The PDM treats the received value as an unsigned 16 bit value (i.e. 0 to 65535). If the value after division is greater than 255 then the result value will be clamped to 255.

Examples of the different types of CAN channel extraction are included in the Appendices.

Timeout values
If the CAN message is not received for a period exceeding its timeout period, the corresponding timeout channel will be set to TRUE. Each CAN input channel can be configured to hold its previous value or go to a specific value while the corresponding CAN message is timed out.

Tip: The timeout channel can be used in a condition.

Initial values
If the channel is configured to hold the previous value when the CAN message times out, then the channel will be set to zero on start-up. The channel stays zero until a matching CAN message is received.

If the channel is configured to use a specific value when the CAN message times out, then the channel will be set to this value on start-up. The channel stay at the timeout value until a matching CAN message is received.

The PDM CAN bitrate is user configurable. All devices on the CAN bus must be set to the same speed. Refer to the Operation section for details about CAN bitrate configuration.

CAN Output

The PDM can transmit a set of fixed standard messages, and up to four user defined messages on the CAN bus. CAN messages are configured in CAN Outputs in the Configuration Tree.

The receiving device can use the messages for diagnostic purposes (particularly useful if the values are logged in a logging device), to show an alarm on a display, or to activate a feature in another device depending on the value of a PDM input switch.

CAN Outputs Transmit can be used to control when outgoing messages are transmitted. This affects all CAN messages, including those used by CAN Keypads. CAN Outputs Transmit is configured under Global Setup.

The PDM CAN bitrate is user configurable. All devices on the CAN bus must be set to the same speed. Refer to the Operation section for details about CAN bitrate configuration.

Standard Messages
The fixed message sets that are sent from the PDM are configured in Standard Messages. Message sets can be individually enabled, and a base CAN address is user configurable in the standard or extended address ranges.

Most MoTeC logging devices have CAN communications templates available to receive these messages.

The transmitted CAN messages include Output Voltage, Output Current, Output Load, Output Status, Input State, Internal Temperature, Battery Voltage, Global Error, and Total Current.
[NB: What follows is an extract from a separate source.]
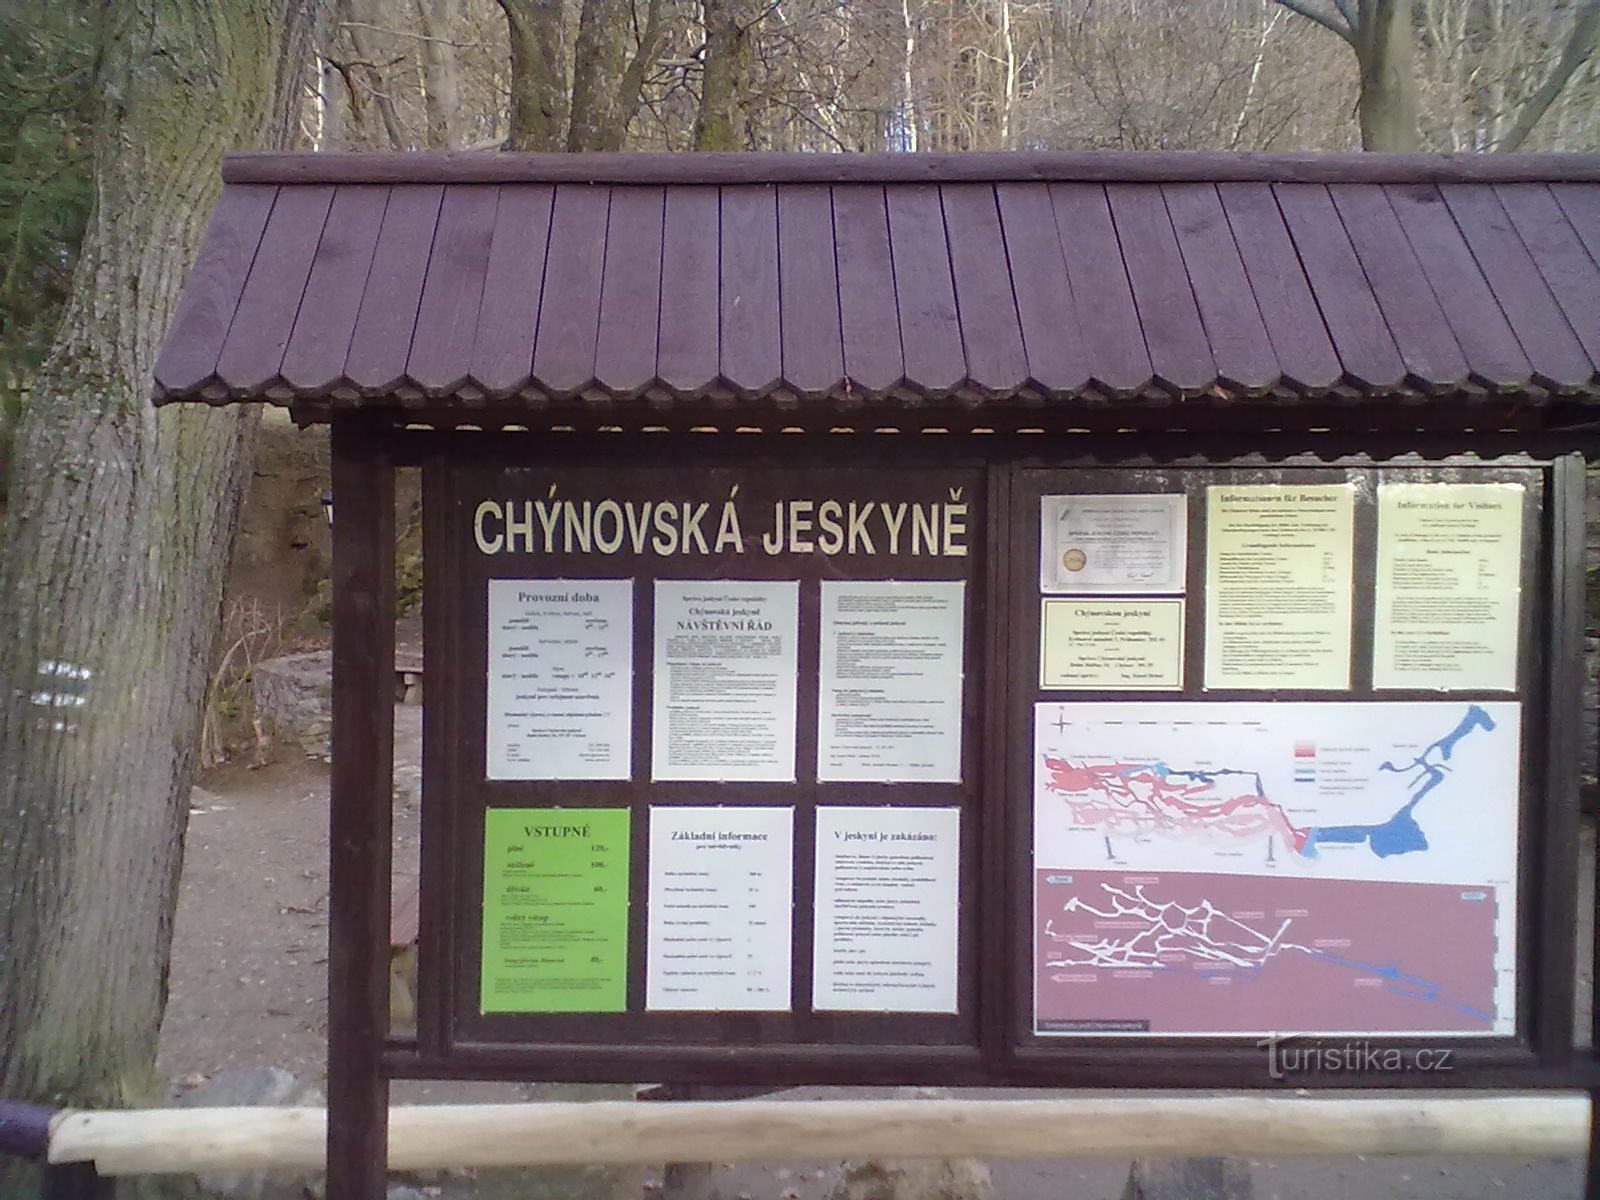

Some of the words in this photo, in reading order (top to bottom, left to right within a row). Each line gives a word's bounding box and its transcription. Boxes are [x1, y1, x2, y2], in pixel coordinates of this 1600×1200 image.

See CAN Output Messages in the Appendices for details on the CAN messages.

Standard messages are transmitted at 20Hz by default. Lower transmission rates can be selected.

User Defined Messages
Up to four user defined CAN messages to be sent from the PDM can be configured in Message 0 to Message 3.

Up to 8 channels can be included in each CAN message, with one channel per message byte.

The CAN address is user configurable in the standard or extended address ranges.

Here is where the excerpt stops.